━━━━━ RECORDS FOR THIS TASK ━━━━━

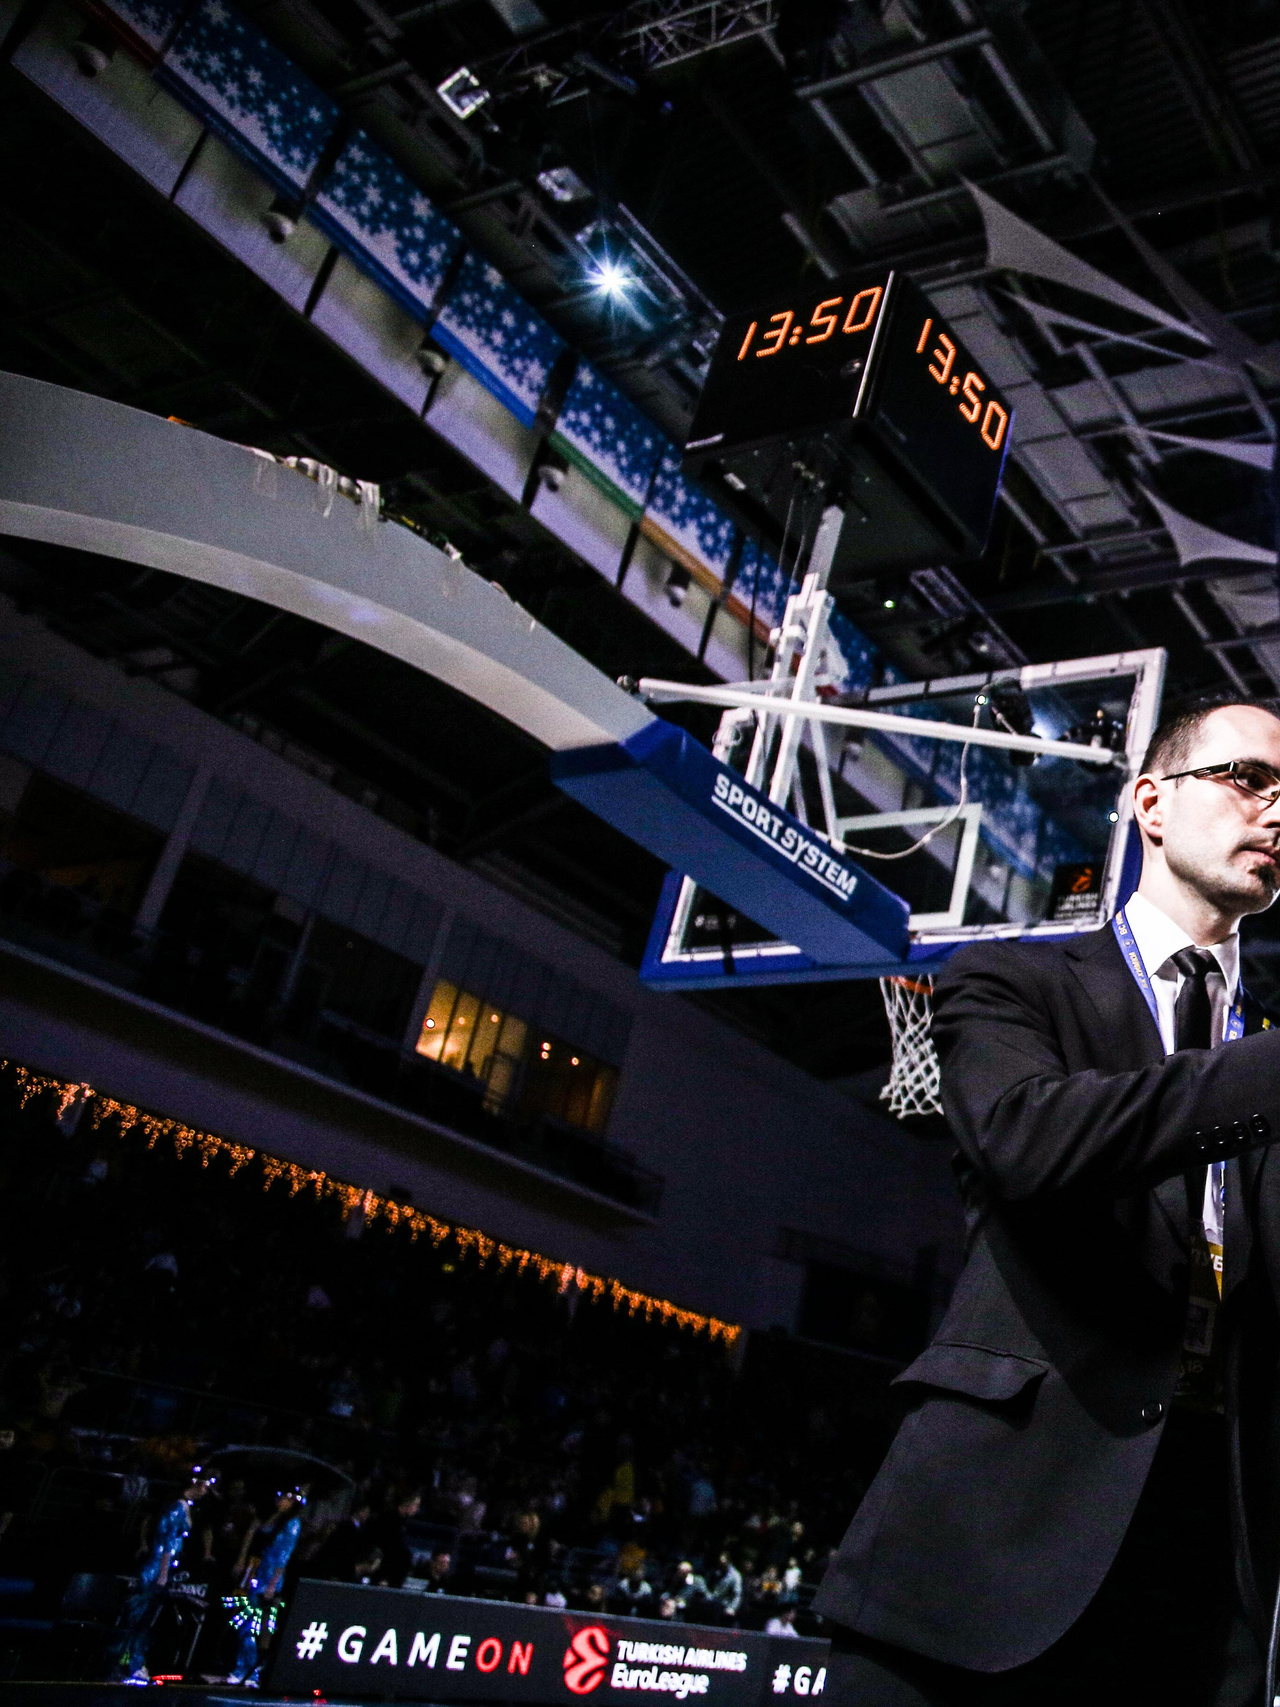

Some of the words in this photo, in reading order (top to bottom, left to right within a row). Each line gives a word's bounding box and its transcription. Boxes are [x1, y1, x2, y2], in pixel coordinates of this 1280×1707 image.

[737, 286, 882, 360] 13:50
[916, 318, 1007, 450] 13:50
[610, 1662, 709, 1699] EuroLeague
[617, 1640, 685, 1666] TURKISH
[684, 1647, 748, 1672] AIRLINES

━━━━━

• [TRY IT] Leaving aside the pictures, copy the listing above exactly.

• [PROBLEM SOLUTION]
Some of the words in this photo, in reading order (top to bottom, left to right within a row). Each line gives a word's bounding box and its transcription. Boxes are [x1, y1, x2, y2], in pixel coordinates of this 1280×1707 image.

[737, 286, 882, 360] 13:50
[916, 318, 1007, 450] 13:50
[610, 1662, 709, 1699] EuroLeague
[617, 1640, 685, 1666] TURKISH
[684, 1647, 748, 1672] AIRLINES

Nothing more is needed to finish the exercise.